Directions: Could the listing be repeated exactly, with every picture dropped?

Records for this task:
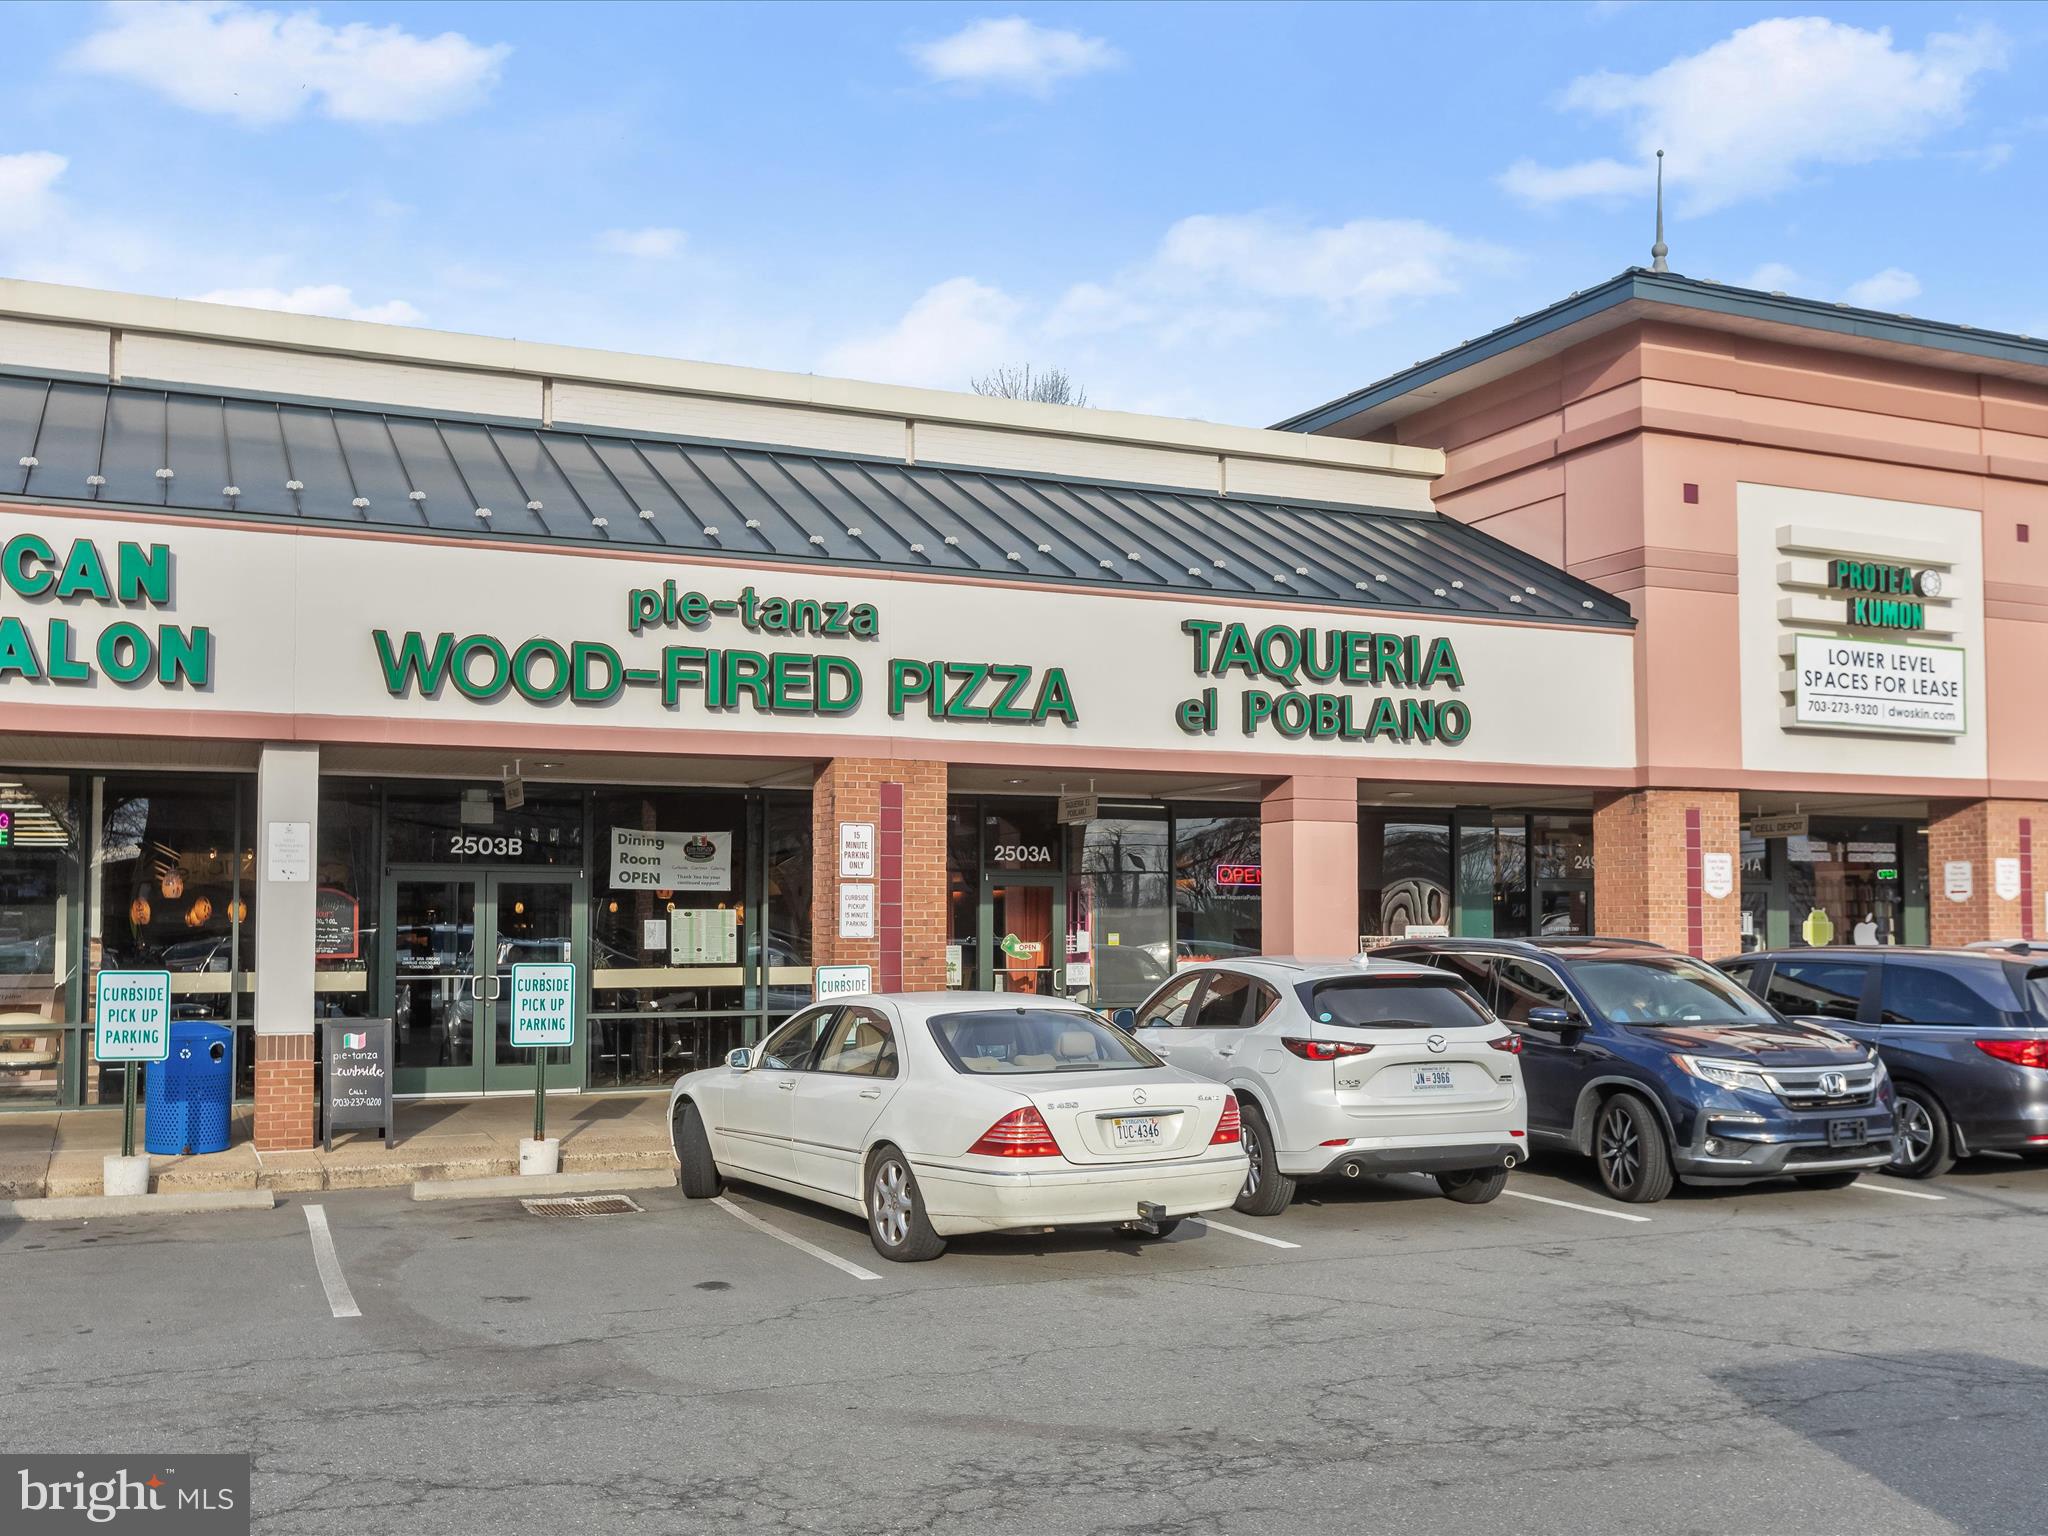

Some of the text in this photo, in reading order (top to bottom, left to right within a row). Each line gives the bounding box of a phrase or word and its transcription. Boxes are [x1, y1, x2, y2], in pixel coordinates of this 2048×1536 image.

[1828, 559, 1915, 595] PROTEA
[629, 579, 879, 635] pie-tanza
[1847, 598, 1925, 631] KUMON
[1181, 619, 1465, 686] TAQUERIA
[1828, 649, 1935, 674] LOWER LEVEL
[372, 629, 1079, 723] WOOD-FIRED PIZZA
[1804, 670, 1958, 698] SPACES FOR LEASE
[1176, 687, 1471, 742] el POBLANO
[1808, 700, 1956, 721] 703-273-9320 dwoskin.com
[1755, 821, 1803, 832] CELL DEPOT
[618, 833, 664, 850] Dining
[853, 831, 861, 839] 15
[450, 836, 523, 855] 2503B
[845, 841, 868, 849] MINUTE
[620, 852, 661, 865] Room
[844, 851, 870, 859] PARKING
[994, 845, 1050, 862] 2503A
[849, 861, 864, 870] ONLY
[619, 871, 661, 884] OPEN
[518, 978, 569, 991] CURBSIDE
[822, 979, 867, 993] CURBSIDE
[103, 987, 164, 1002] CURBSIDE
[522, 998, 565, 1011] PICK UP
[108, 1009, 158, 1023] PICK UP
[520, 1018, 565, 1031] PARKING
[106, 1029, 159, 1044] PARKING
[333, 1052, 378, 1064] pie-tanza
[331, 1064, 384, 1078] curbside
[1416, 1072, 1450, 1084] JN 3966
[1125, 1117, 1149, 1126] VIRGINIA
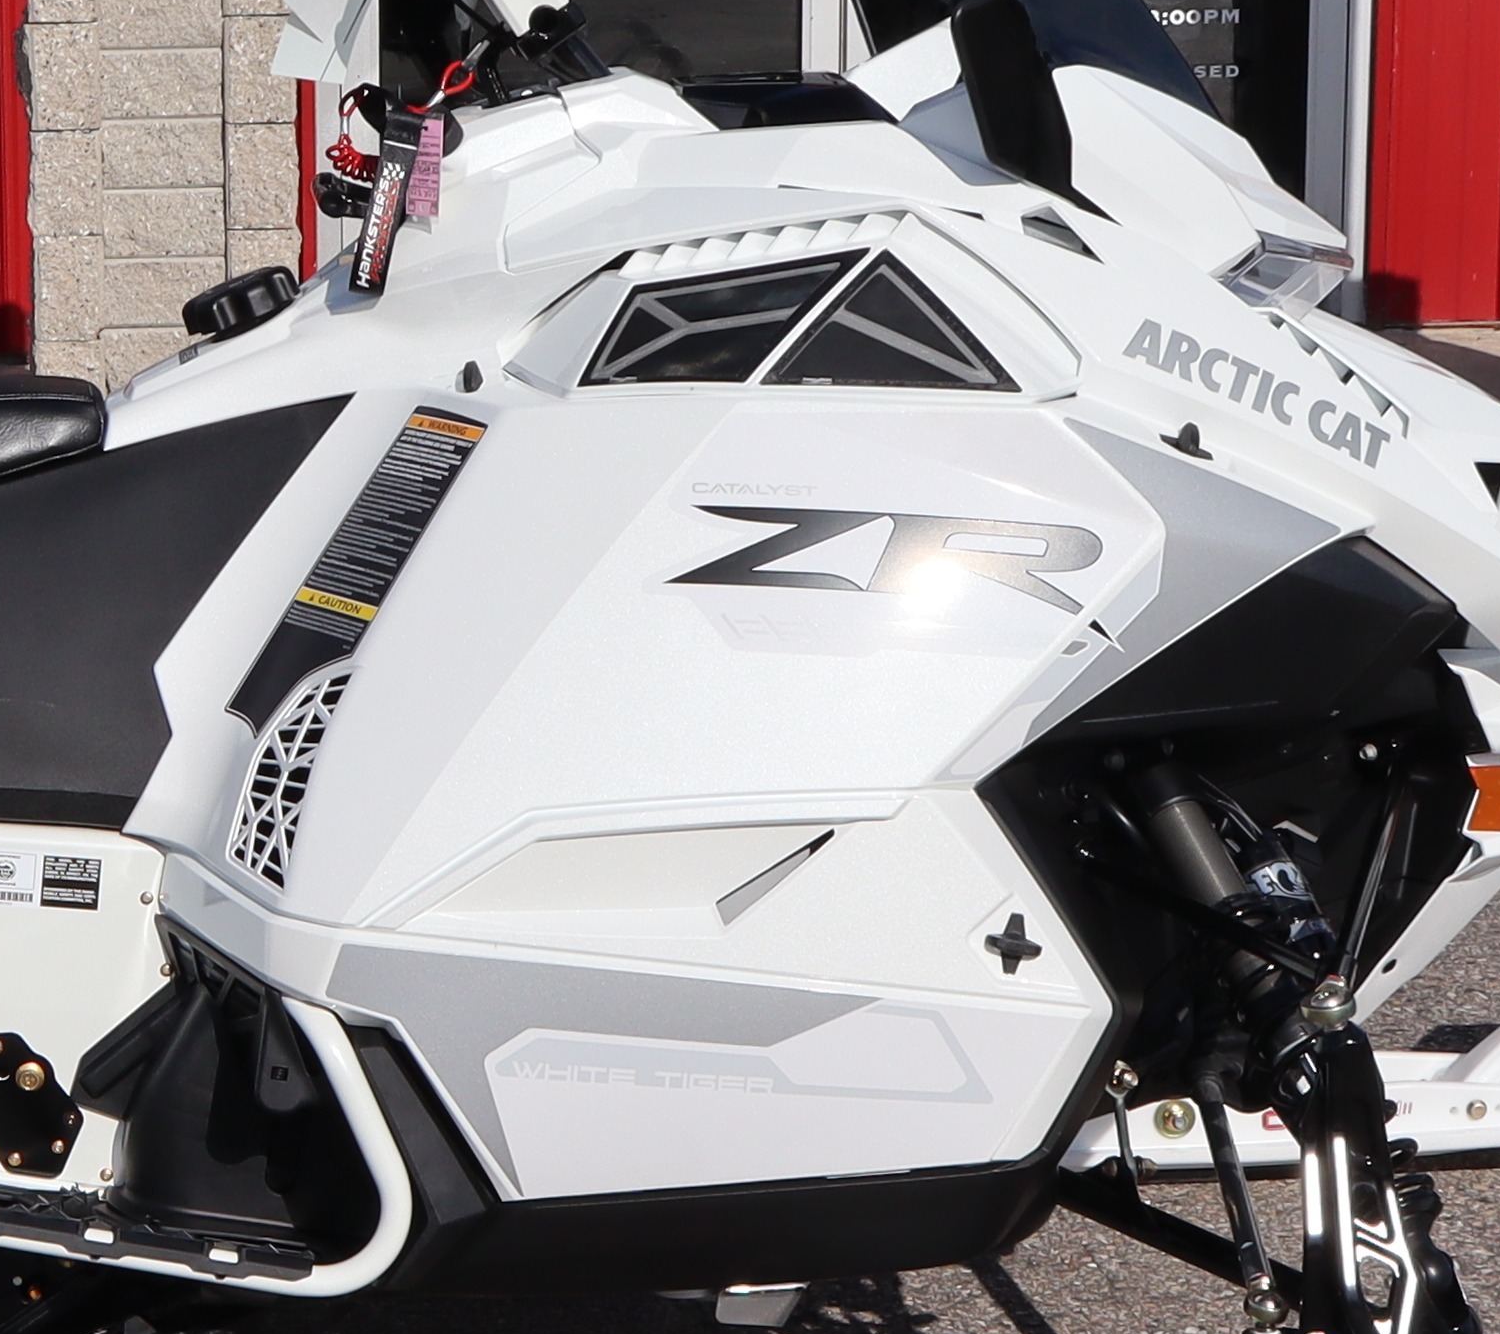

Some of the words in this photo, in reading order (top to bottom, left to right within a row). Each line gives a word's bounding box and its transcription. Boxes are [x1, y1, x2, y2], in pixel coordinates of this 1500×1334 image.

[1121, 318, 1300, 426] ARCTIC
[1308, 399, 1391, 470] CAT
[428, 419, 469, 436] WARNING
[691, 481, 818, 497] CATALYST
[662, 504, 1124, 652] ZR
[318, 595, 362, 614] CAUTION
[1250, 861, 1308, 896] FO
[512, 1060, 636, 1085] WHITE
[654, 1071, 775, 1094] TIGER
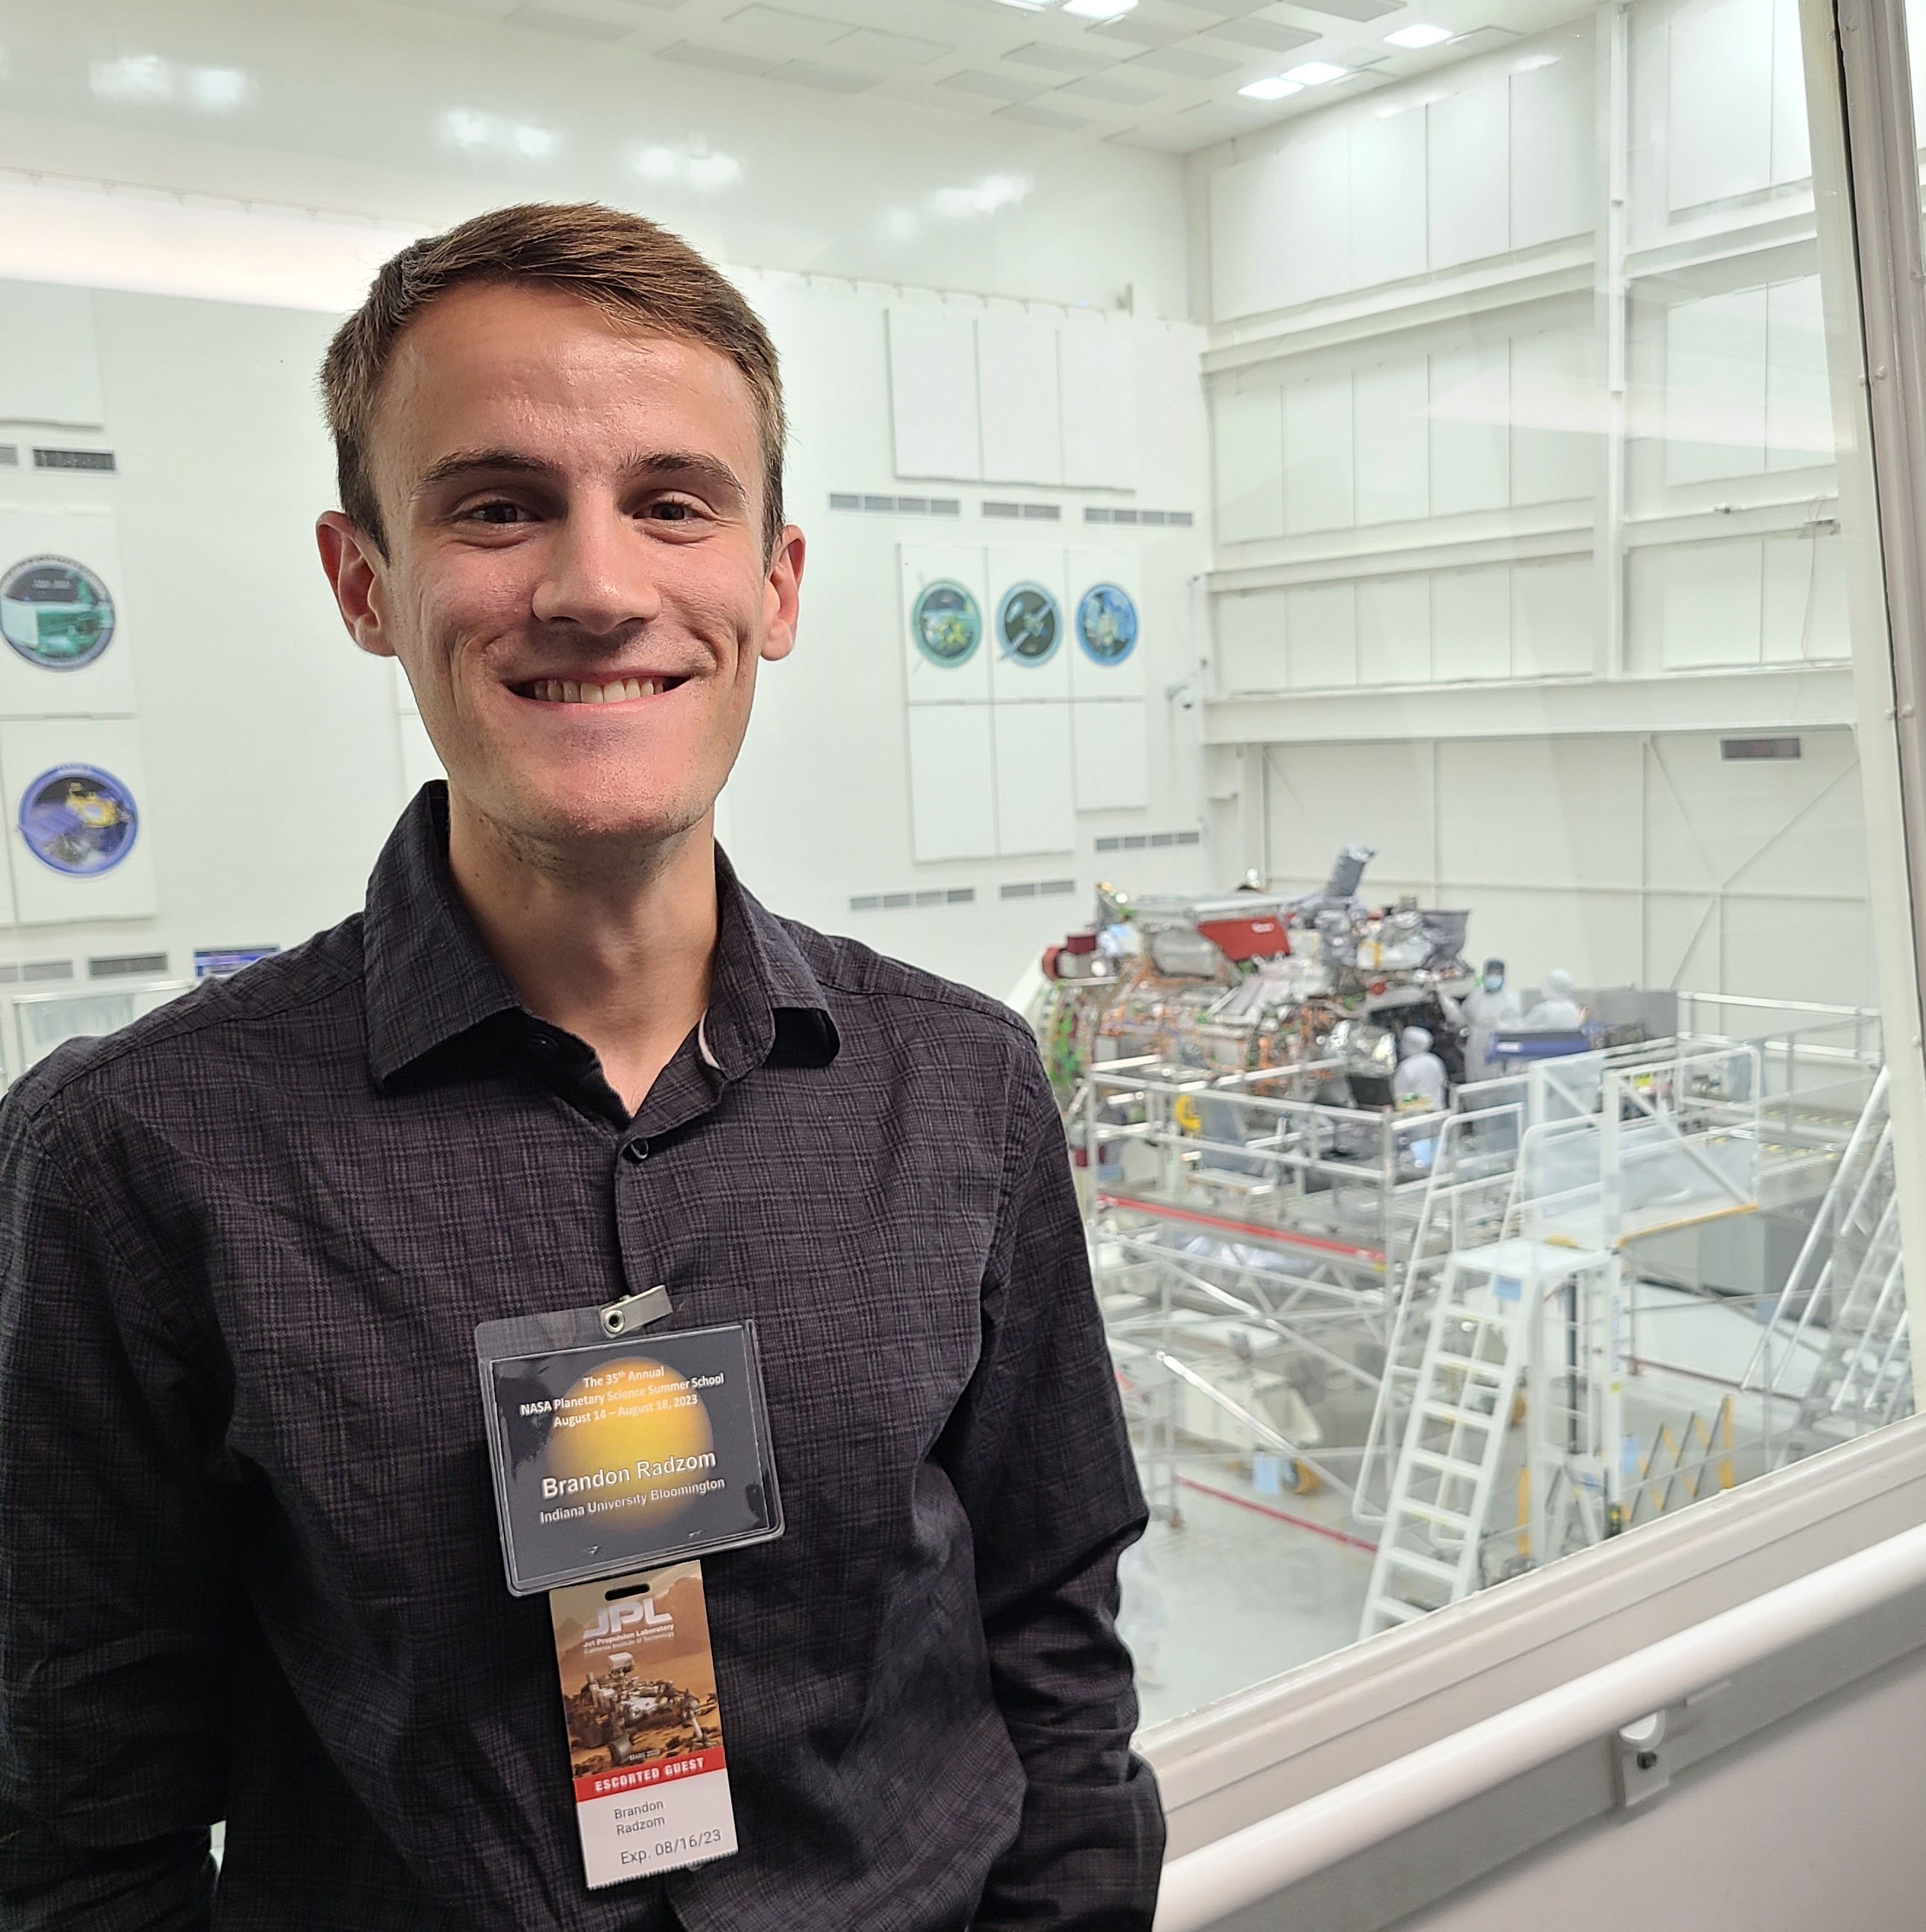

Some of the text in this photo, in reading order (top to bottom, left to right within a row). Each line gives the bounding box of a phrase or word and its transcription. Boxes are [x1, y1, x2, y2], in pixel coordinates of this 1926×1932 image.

Solution for this problem:
Some of the text in this photo, in reading order (top to bottom, left to right within a row). Each line gives the bounding box of a phrase or word and its transcription. Boxes are [x1, y1, x2, y2], in pixel coordinates of this 2048×1536 image.

[1828, 559, 1915, 595] PROTEA
[629, 579, 879, 635] pie-tanza
[1847, 598, 1925, 631] KUMON
[1181, 619, 1465, 686] TAQUERIA
[1828, 649, 1935, 674] LOWER LEVEL
[372, 629, 1079, 723] WOOD-FIRED PIZZA
[1804, 670, 1958, 698] SPACES FOR LEASE
[1176, 687, 1471, 742] el POBLANO
[1808, 700, 1956, 721] 703-273-9320 dwoskin.com
[1755, 821, 1803, 832] CELL DEPOT
[618, 833, 664, 850] Dining
[853, 831, 861, 839] 15
[450, 836, 523, 855] 2503B
[845, 841, 868, 849] MINUTE
[620, 852, 661, 865] Room
[844, 851, 870, 859] PARKING
[994, 845, 1050, 862] 2503A
[849, 861, 864, 870] ONLY
[619, 871, 661, 884] OPEN
[518, 978, 569, 991] CURBSIDE
[822, 979, 867, 993] CURBSIDE
[103, 987, 164, 1002] CURBSIDE
[522, 998, 565, 1011] PICK UP
[108, 1009, 158, 1023] PICK UP
[520, 1018, 565, 1031] PARKING
[106, 1029, 159, 1044] PARKING
[333, 1052, 378, 1064] pie-tanza
[331, 1064, 384, 1078] curbside
[1416, 1072, 1450, 1084] JN 3966
[1125, 1117, 1149, 1126] VIRGINIA

Some of the words in this photo, in reading order (top to bottom, left to right within a row). Each line gives a word's bounding box and its transcription. Boxes are [x1, y1, x2, y2], in pixel coordinates of this 1500×1334 image.

[1121, 318, 1300, 426] ARCTIC
[1308, 399, 1391, 470] CAT
[428, 419, 469, 436] WARNING
[691, 481, 818, 497] CATALYST
[662, 504, 1124, 652] ZR
[318, 595, 362, 614] CAUTION
[1250, 861, 1308, 896] FO
[512, 1060, 636, 1085] WHITE
[654, 1071, 775, 1094] TIGER

Some of the text in this photo, in reading order (top to bottom, left to right within a row). Each line gives the bounding box of a phrase or word and its transcription. Boxes are [x1, y1, x2, y2], in pixel coordinates of this 1926×1932 image.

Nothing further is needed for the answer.